■ Work to complete
Your task is to repeat exactly the lines below between the line holding "this 2048×1365 image." and the line holding "this 2048×1255 image.", inclusive, and only those.

■ Listed entries

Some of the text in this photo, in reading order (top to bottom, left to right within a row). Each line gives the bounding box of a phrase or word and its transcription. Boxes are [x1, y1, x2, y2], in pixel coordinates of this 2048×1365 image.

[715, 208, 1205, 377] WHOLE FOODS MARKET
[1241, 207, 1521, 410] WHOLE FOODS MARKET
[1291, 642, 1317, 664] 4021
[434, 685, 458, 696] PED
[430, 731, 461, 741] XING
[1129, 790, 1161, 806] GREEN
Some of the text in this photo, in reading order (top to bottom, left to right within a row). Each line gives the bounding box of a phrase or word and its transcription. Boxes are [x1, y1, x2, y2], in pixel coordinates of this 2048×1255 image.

---

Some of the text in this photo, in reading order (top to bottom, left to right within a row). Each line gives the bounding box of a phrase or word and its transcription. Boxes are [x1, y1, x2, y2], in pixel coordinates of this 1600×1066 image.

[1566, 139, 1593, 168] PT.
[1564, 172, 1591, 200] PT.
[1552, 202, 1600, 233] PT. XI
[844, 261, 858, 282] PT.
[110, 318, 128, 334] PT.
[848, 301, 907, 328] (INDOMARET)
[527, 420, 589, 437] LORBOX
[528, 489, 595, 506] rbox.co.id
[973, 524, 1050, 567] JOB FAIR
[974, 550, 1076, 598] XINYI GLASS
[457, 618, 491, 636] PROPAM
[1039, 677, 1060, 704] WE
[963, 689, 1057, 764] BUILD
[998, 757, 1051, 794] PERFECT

* * *

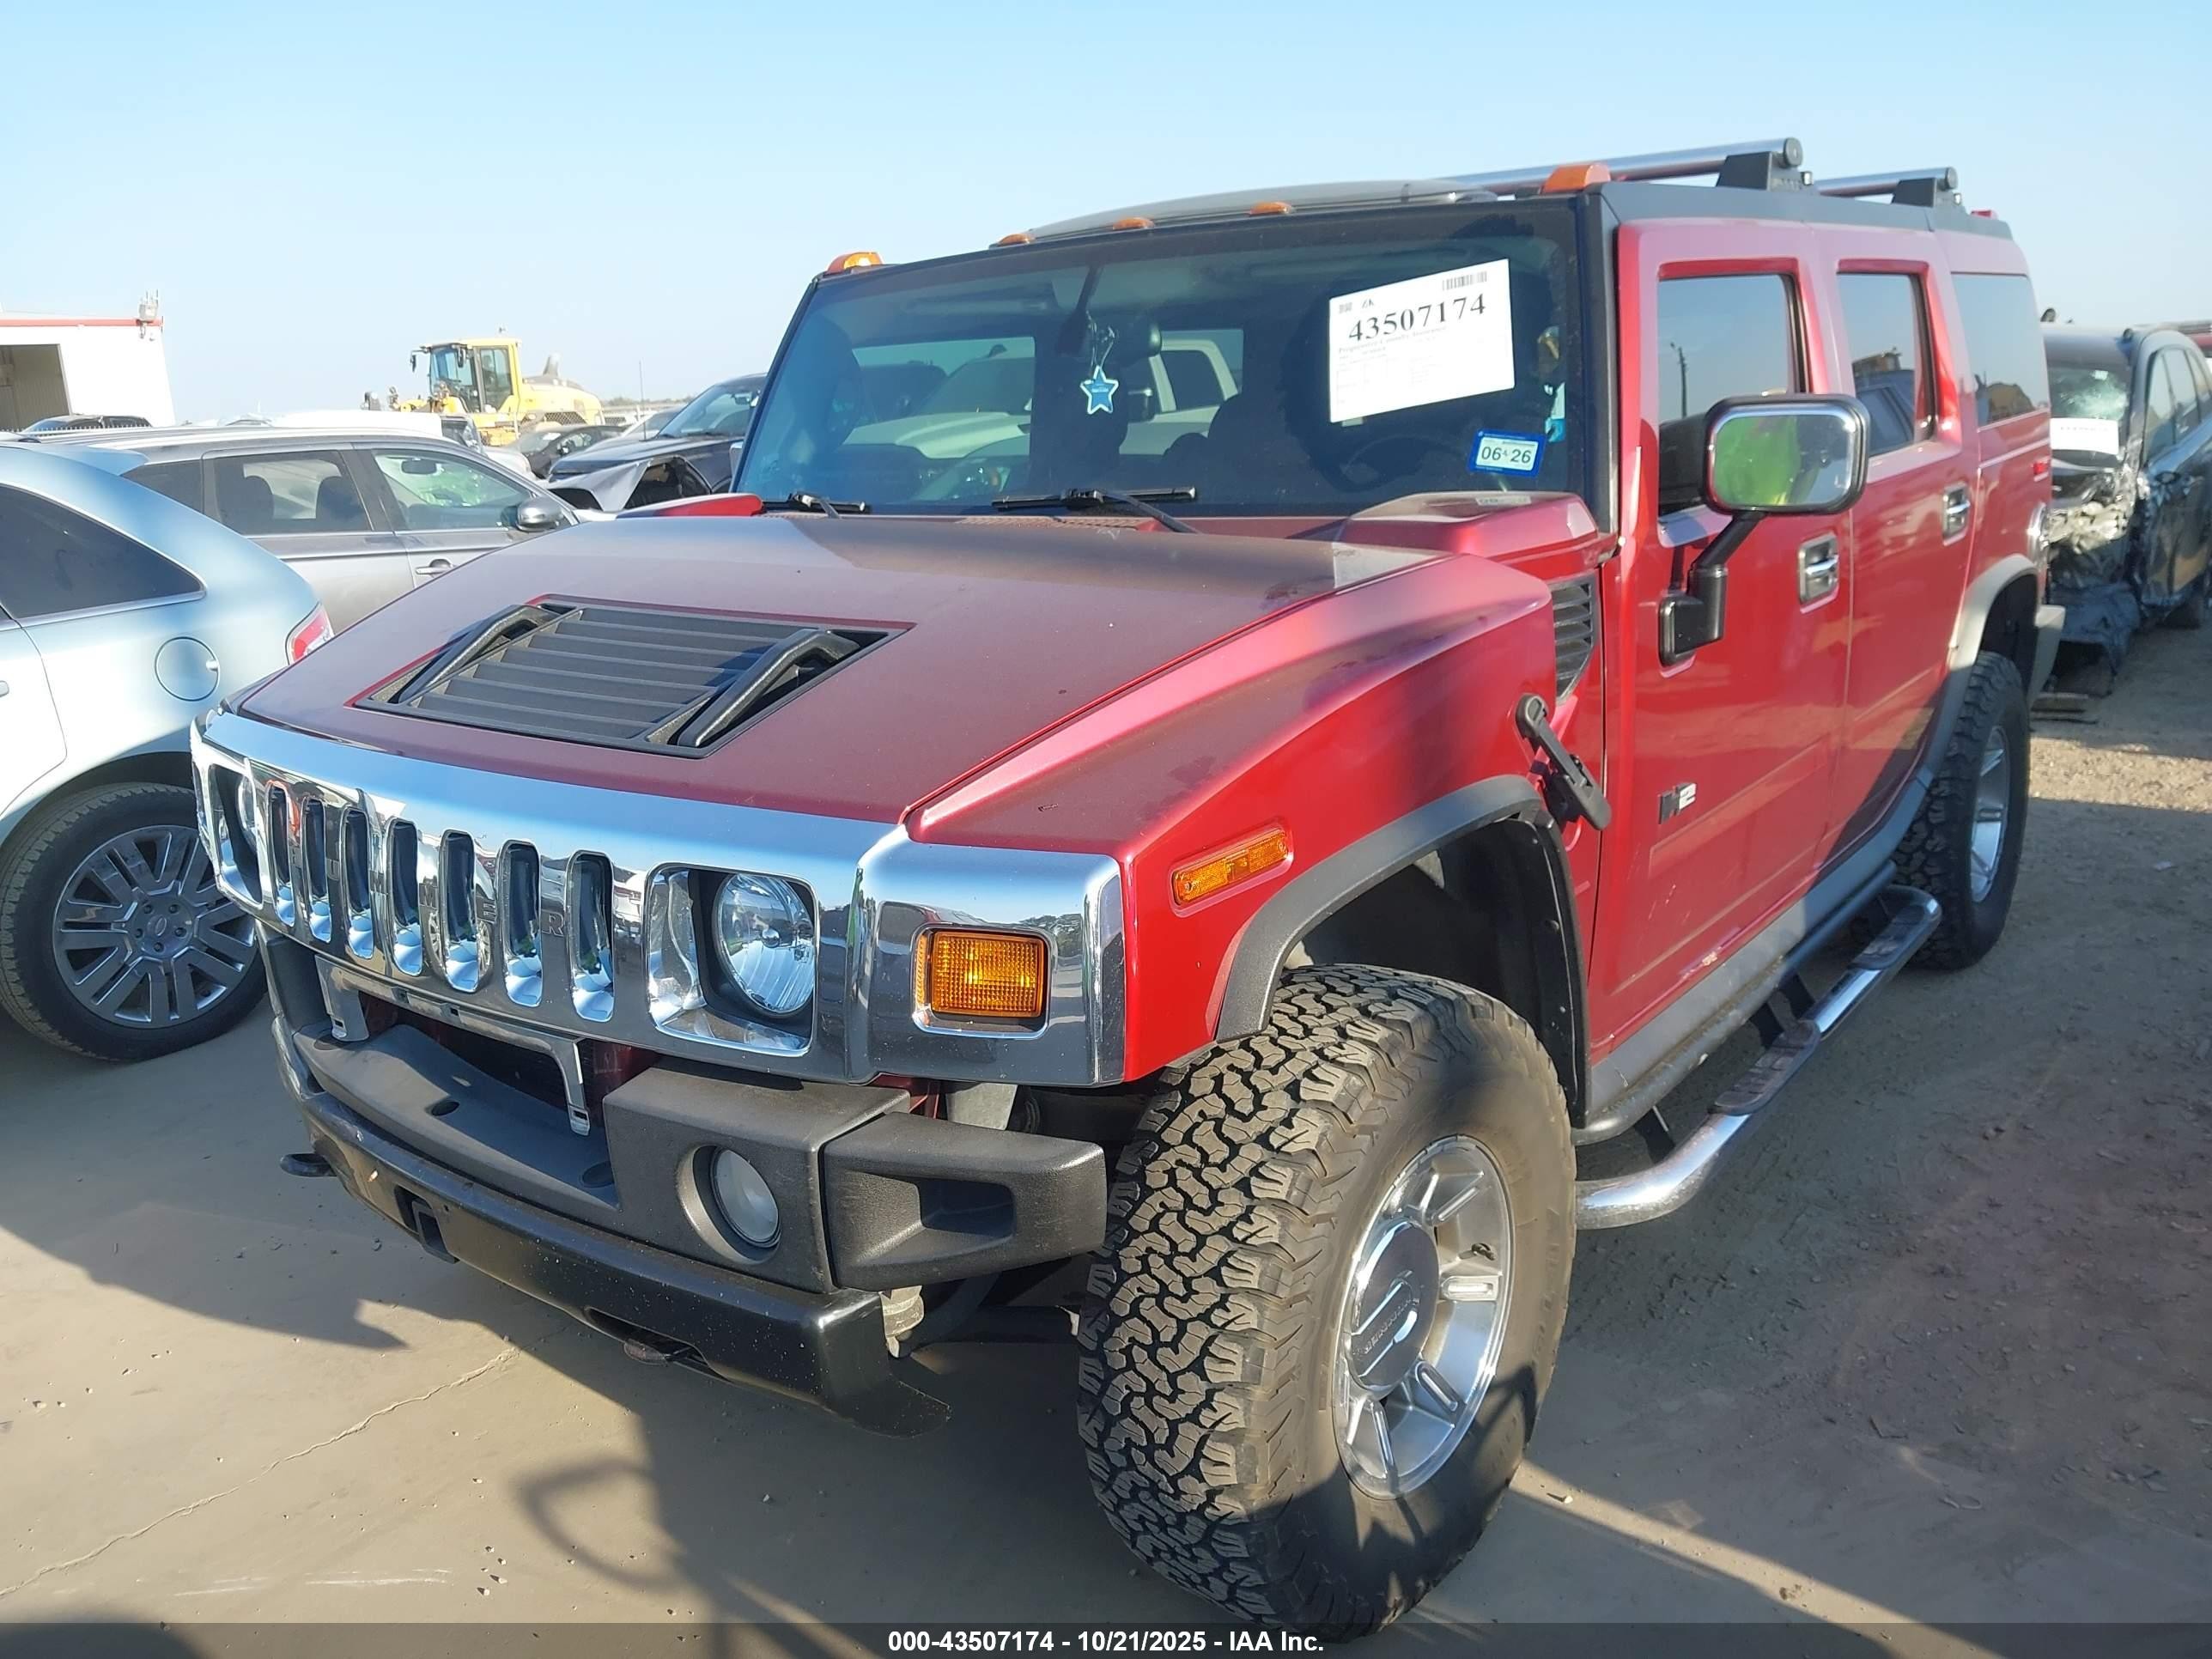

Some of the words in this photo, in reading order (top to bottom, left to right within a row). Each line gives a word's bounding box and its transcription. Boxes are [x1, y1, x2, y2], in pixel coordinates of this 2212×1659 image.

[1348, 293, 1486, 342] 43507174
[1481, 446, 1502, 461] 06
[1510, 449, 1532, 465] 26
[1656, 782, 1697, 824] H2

■ Response to this task
Some of the text in this photo, in reading order (top to bottom, left to right within a row). Each line gives the bounding box of a phrase or word and its transcription. Boxes are [x1, y1, x2, y2], in pixel coordinates of this 2048×1365 image.

[715, 208, 1205, 377] WHOLE FOODS MARKET
[1241, 207, 1521, 410] WHOLE FOODS MARKET
[1291, 642, 1317, 664] 4021
[434, 685, 458, 696] PED
[430, 731, 461, 741] XING
[1129, 790, 1161, 806] GREEN
Some of the text in this photo, in reading order (top to bottom, left to right within a row). Each line gives the bounding box of a phrase or word and its transcription. Boxes are [x1, y1, x2, y2], in pixel coordinates of this 2048×1255 image.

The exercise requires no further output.